■ **TASK GOAL**:
Your job is to retype the records exactly while dropping every picture.

[Collected data entries]
Segment Open

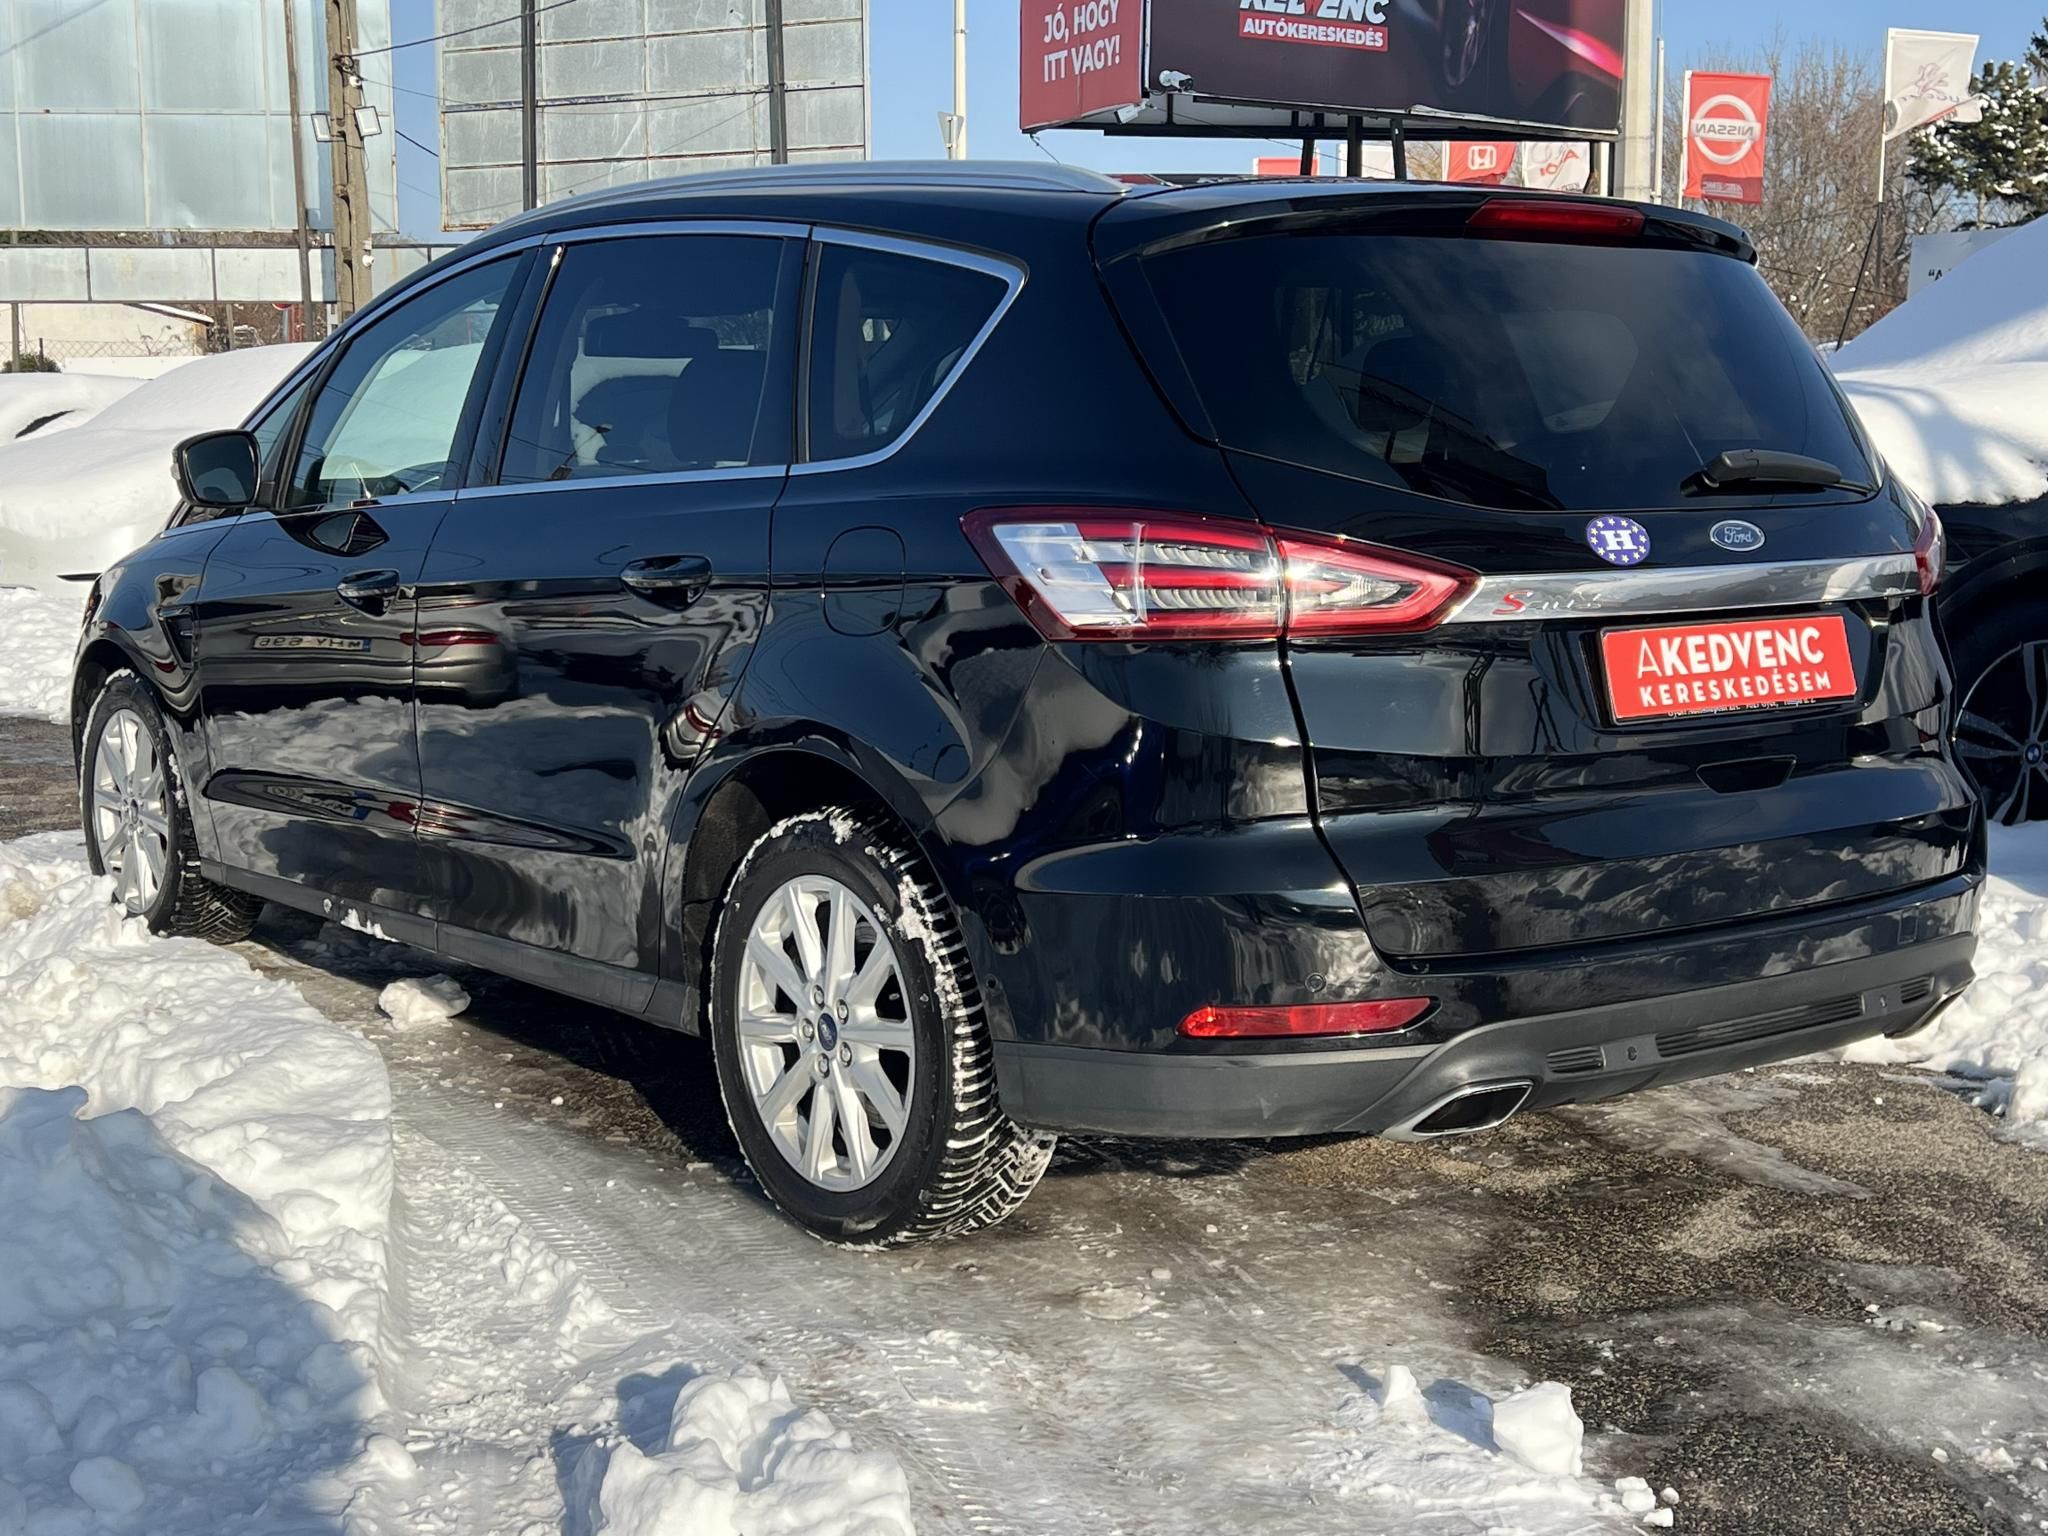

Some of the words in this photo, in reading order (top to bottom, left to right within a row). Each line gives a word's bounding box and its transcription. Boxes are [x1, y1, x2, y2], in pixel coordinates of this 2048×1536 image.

[1044, 3, 1069, 44] JÓ,
[1073, 0, 1120, 35] HOGY
[1243, 18, 1383, 47] AUTÓKERESKEDÉS
[1044, 49, 1068, 82] ITT
[1071, 34, 1120, 75] VAGY!
[1600, 529, 1637, 551] H
[1724, 526, 1753, 543] Ford
[1639, 668, 1832, 707] KERESKEDÉSEM
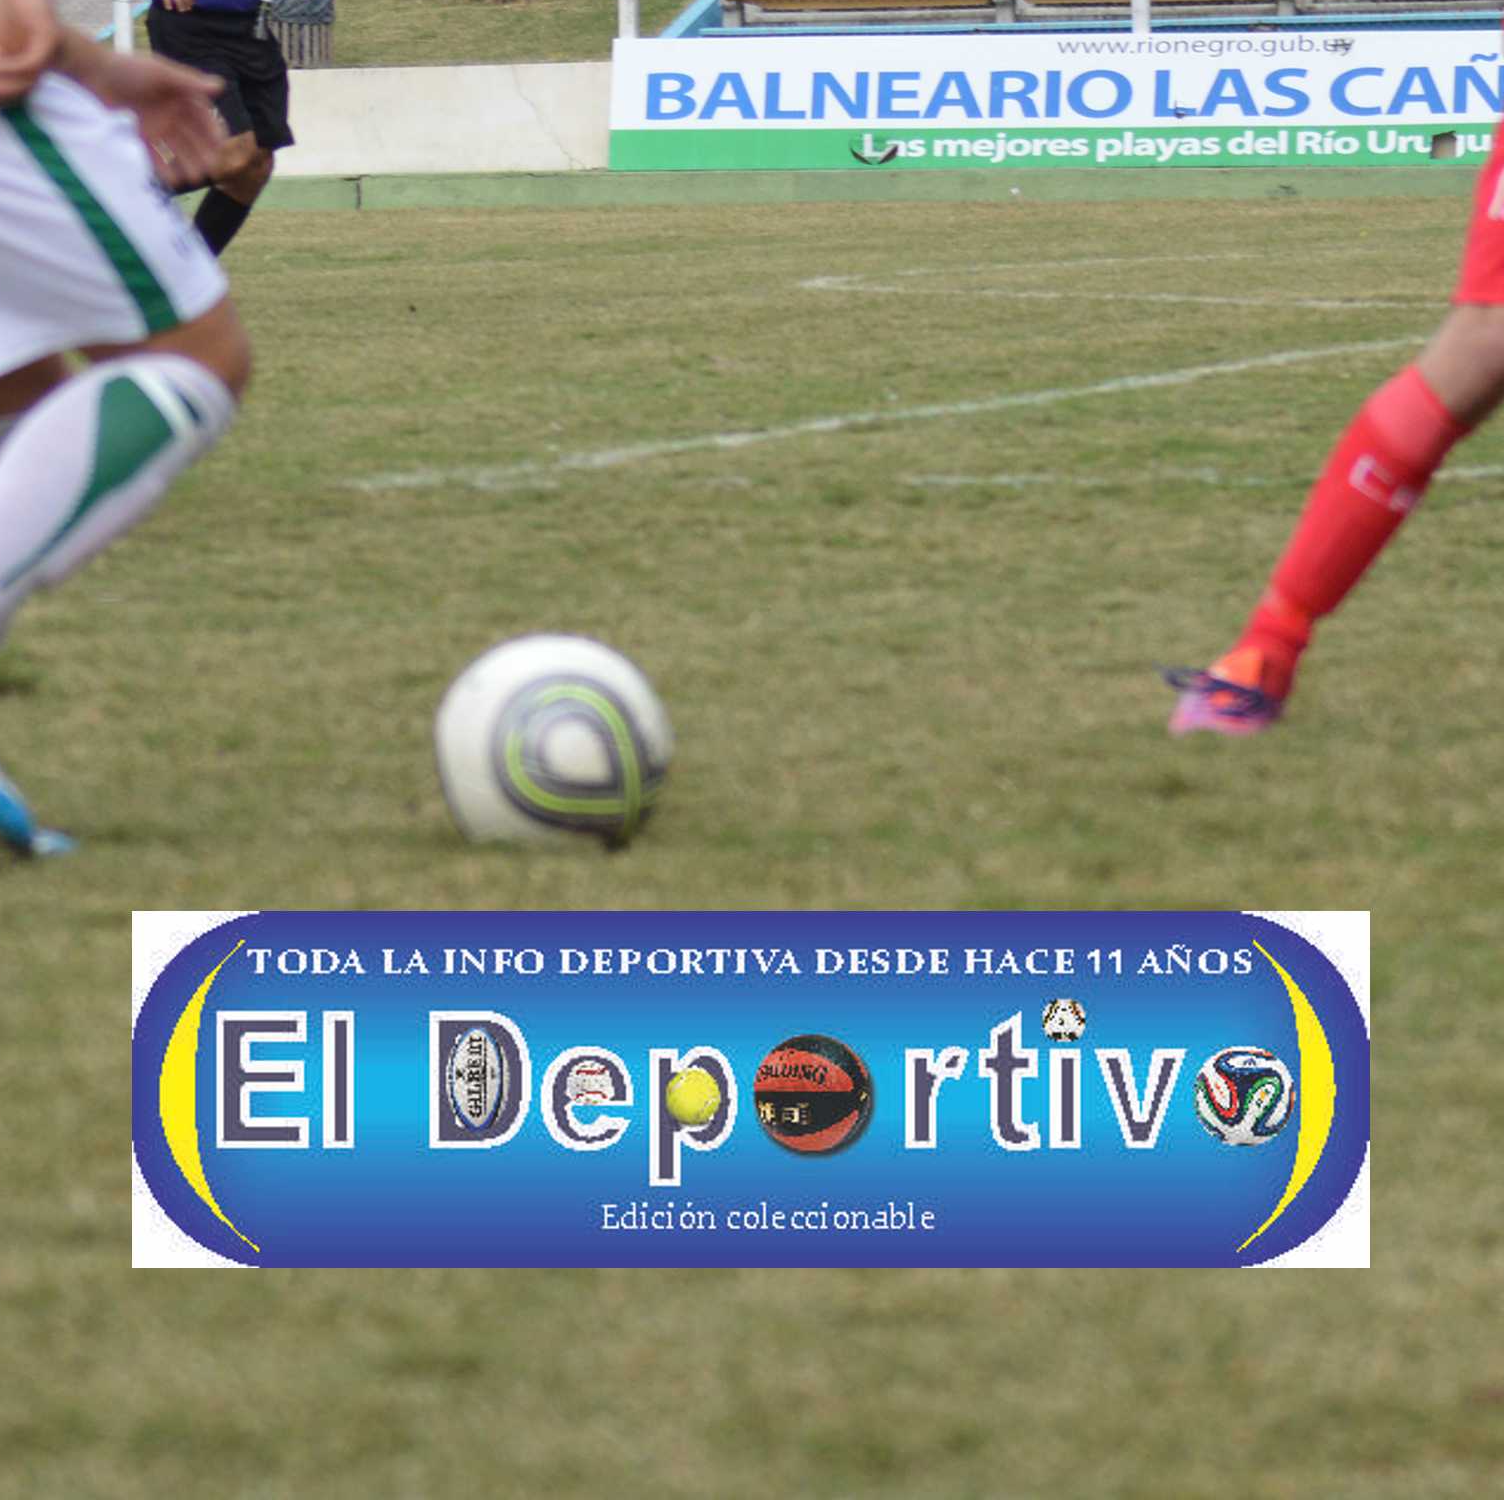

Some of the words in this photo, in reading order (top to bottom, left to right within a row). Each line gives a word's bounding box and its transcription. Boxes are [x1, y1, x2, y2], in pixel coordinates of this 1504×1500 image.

[1056, 34, 1355, 58] www.rionegro.gub.uy
[645, 68, 1133, 121] BALNEARIO
[1153, 66, 1311, 118] LAS
[933, 133, 1089, 163] mejores
[1096, 131, 1221, 163] playas
[1227, 130, 1288, 156] del
[1295, 130, 1361, 155] Río

Segment Closed

■ **SOLUTION FOR THIS EXERCISE**:
Some of the words in this photo, in reading order (top to bottom, left to right within a row). Each line gives a word's bounding box and its transcription. Boxes are [x1, y1, x2, y2], in pixel coordinates of this 2048×1536 image.

[1044, 3, 1069, 44] JÓ,
[1073, 0, 1120, 35] HOGY
[1243, 18, 1383, 47] AUTÓKERESKEDÉS
[1044, 49, 1068, 82] ITT
[1071, 34, 1120, 75] VAGY!
[1600, 529, 1637, 551] H
[1724, 526, 1753, 543] Ford
[1639, 668, 1832, 707] KERESKEDÉSEM

Some of the words in this photo, in reading order (top to bottom, left to right within a row). Each line gives a word's bounding box and its transcription. Boxes are [x1, y1, x2, y2], in pixel coordinates of this 1504×1500 image.

[1056, 34, 1355, 58] www.rionegro.gub.uy
[645, 68, 1133, 121] BALNEARIO
[1153, 66, 1311, 118] LAS
[933, 133, 1089, 163] mejores
[1096, 131, 1221, 163] playas
[1227, 130, 1288, 156] del
[1295, 130, 1361, 155] Río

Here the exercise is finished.